In practical 2 of GEOG71922 we will cover a range of spatial techniques in R that are central to working with spatial data in ecology. Today you will learn how to: 1) convert tabulated data to spatial point distributions, 2) crop data quickly and neatly to a desired study extent, 3) reclassify a raster for more focussed analysis, 4) provide background (or pseudo-absence) points to your study area, 5) assign and transform spatial projections, 6) use for loops and 7) create your own functions in R.

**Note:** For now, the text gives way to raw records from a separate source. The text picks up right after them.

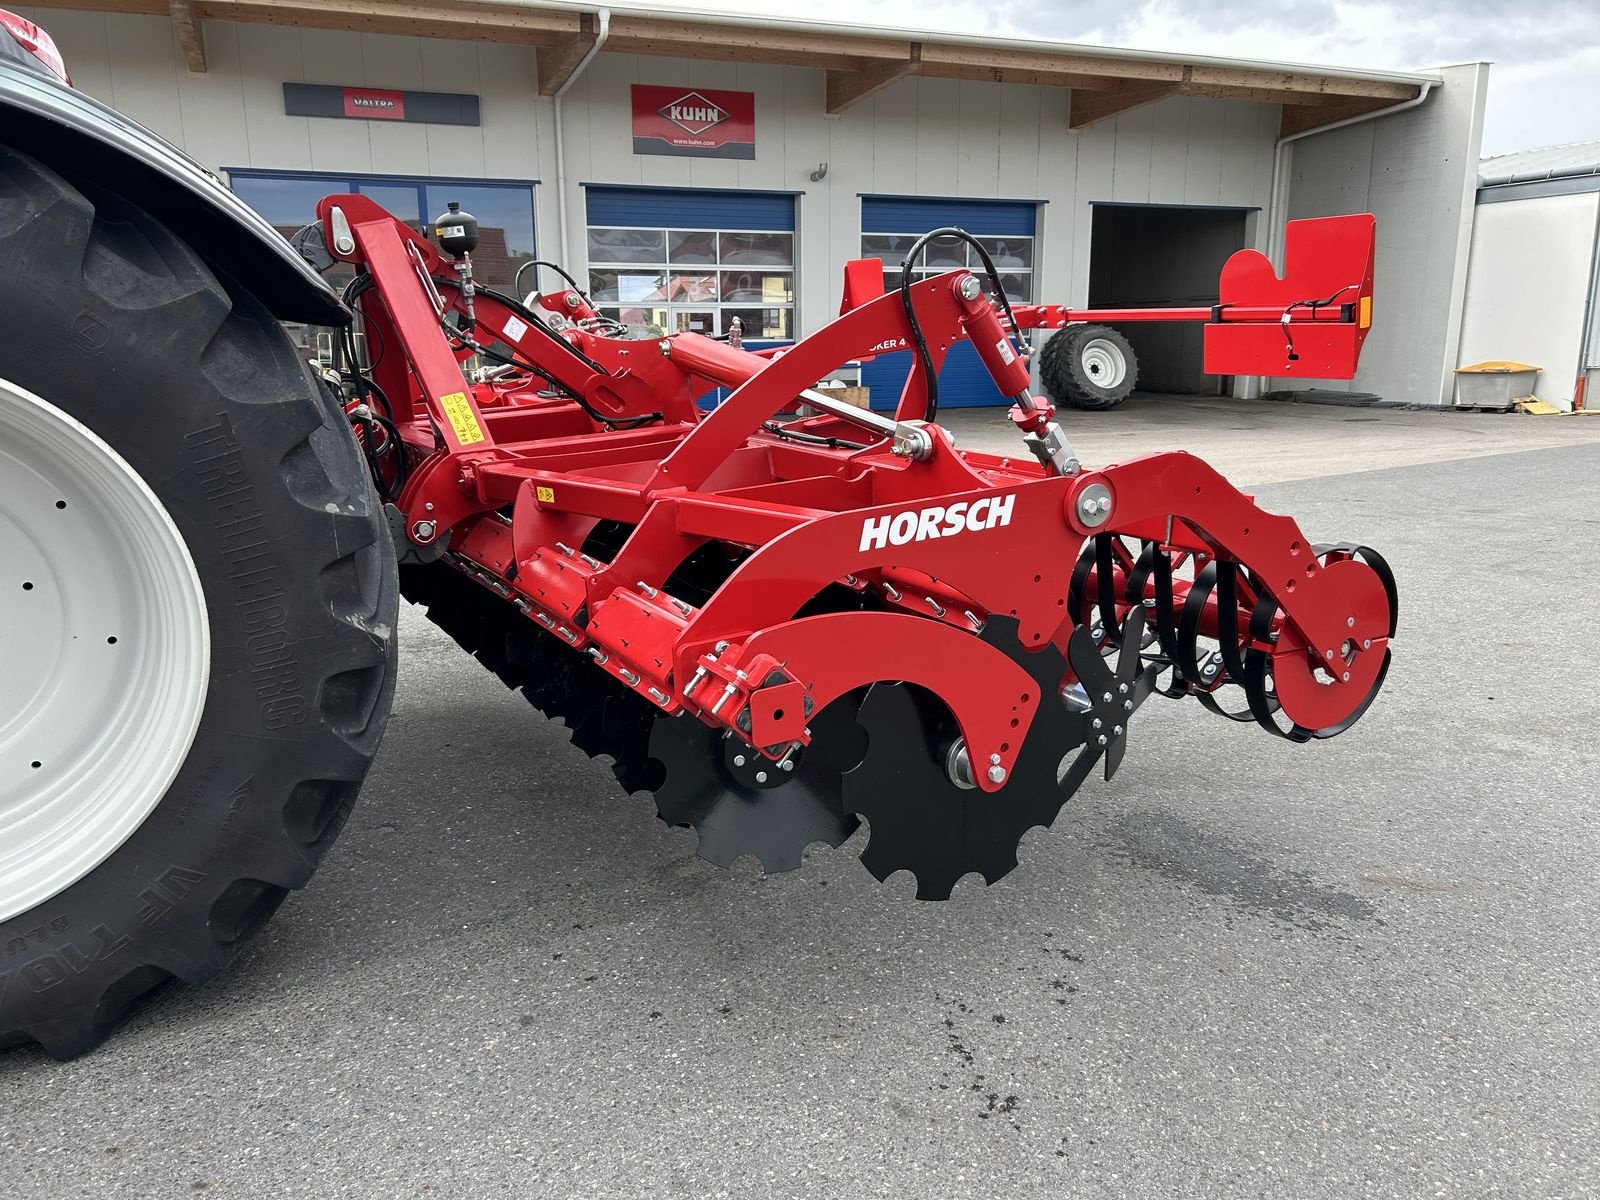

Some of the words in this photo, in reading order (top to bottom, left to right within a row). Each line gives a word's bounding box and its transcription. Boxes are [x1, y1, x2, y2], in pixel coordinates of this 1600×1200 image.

[671, 106, 719, 121] KUHN
[673, 139, 716, 147] www.kuhn.com
[898, 337, 906, 346] 4
[858, 494, 1016, 552] HORSCH
[183, 411, 307, 731] TRELLEBORG
[136, 865, 208, 926] VF
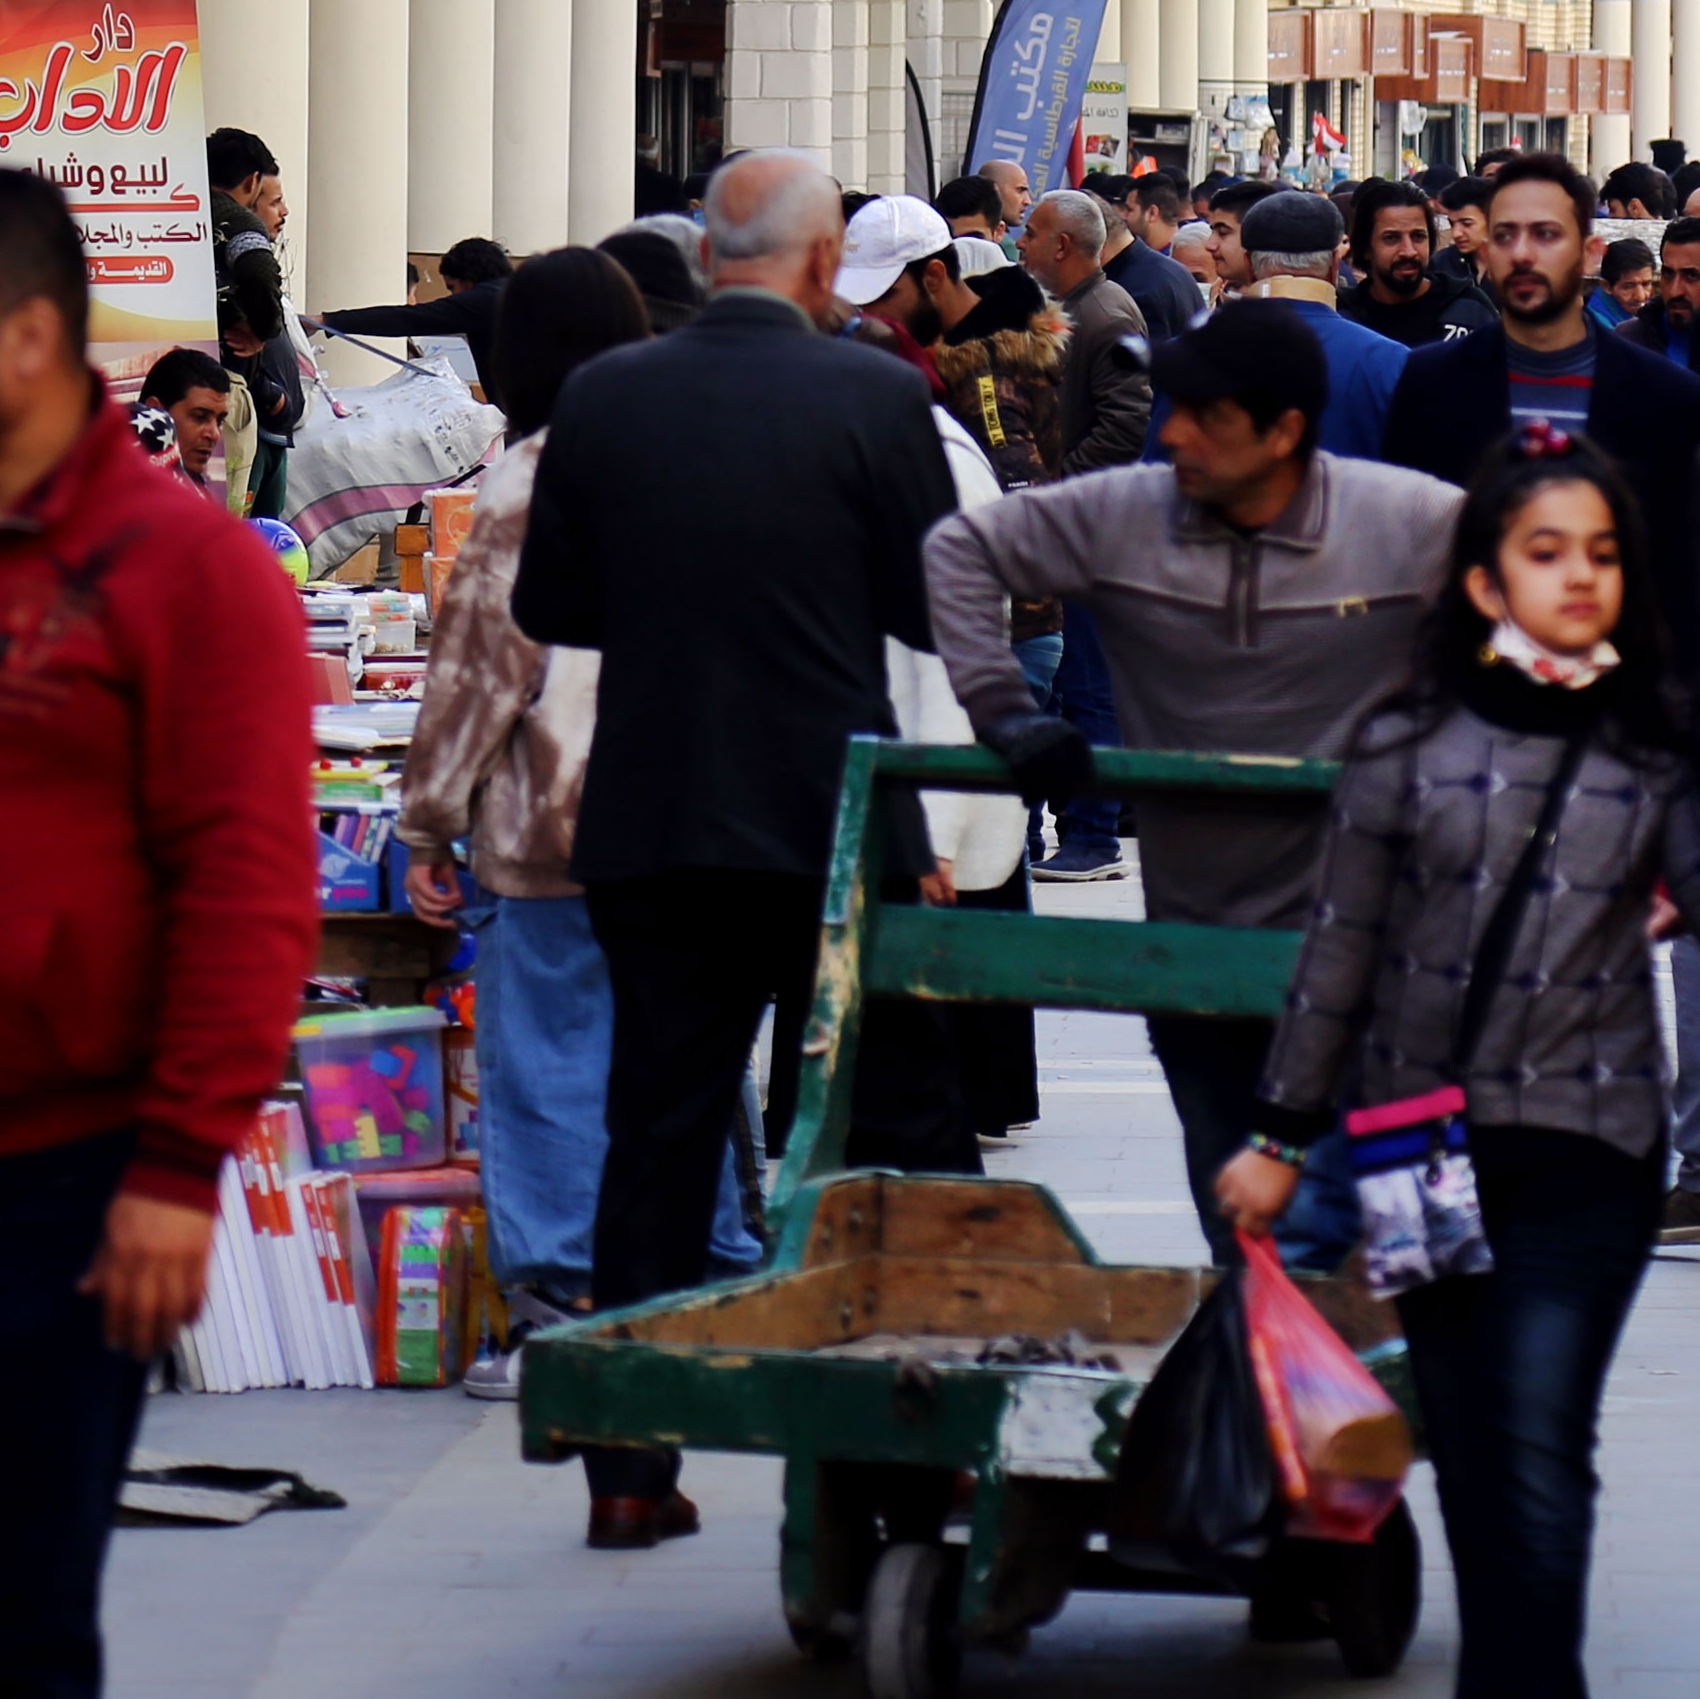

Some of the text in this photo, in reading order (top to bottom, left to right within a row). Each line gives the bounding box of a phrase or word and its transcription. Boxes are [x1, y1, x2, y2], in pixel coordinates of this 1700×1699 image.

[82, 3, 135, 62] دار
[1011, 12, 1054, 120] مكتب
[110, 156, 168, 195] لبيع
[76, 223, 207, 249] الكتب والمجلا
[99, 261, 168, 280] القديمة

The main aim of the practical will be to evaluate the characteristic scale which descibes how the occurrence of Sciurus vulgaris (Eurasian Red Squirrel) responds to land cover. We will use occurrence data downloaded from the National Biodiversity Network Atlas [https://nbnatlas.org/] to model the distribution of Sciurus vulgaris (point data uploaded since 2015) and use the UK Land Cover Map (2015) to characterize associated habitat types. We will evaluate this relationship through a general linear model approach at a number of scales using a series of buffers around occurrence data points.
1. Read in and map the data
Copy the data from the “Sciurus” folder in the GEOG71922 area on the shared drive to a folder for week two in your own GEOG71922 area. Open R Studio and create a new script for today’s practical (Prac2.R). Remember how to set the working directory?:
setwd("P:/GEOG71922/Week2")
#Code to tell R to only use the terra installation of PROJ (library for performing projections)
plib<-Sys.getenv("PROJ_LIB")
prj<-system.file("proj",package="terra")[1]
Sys.setenv("PROJ_LIB"=prj)
Install the packages for today’s work:
#Install packages
install.packages(c("terra","sf","mapview"))
Load the libraries that we will need from the start of today’s practical (Note you may recieve some information or warnings in the R console similar to the ones below as produced on my machine, you can ignore these- they just provide information about versions and compatibility):
library(terra)
## terra 1.7.72
library(sf)
## Linking to GEOS 3.11.2, GDAL 3.7.2, PROJ 9.3.0; sf_use_s2() is TRUE
Now read in the spreadsheet containing the coordinates for occurrence locations and some other miscellaneous data columns. Notice that when you read in a .csv file the object automatically takes the class of data.frame.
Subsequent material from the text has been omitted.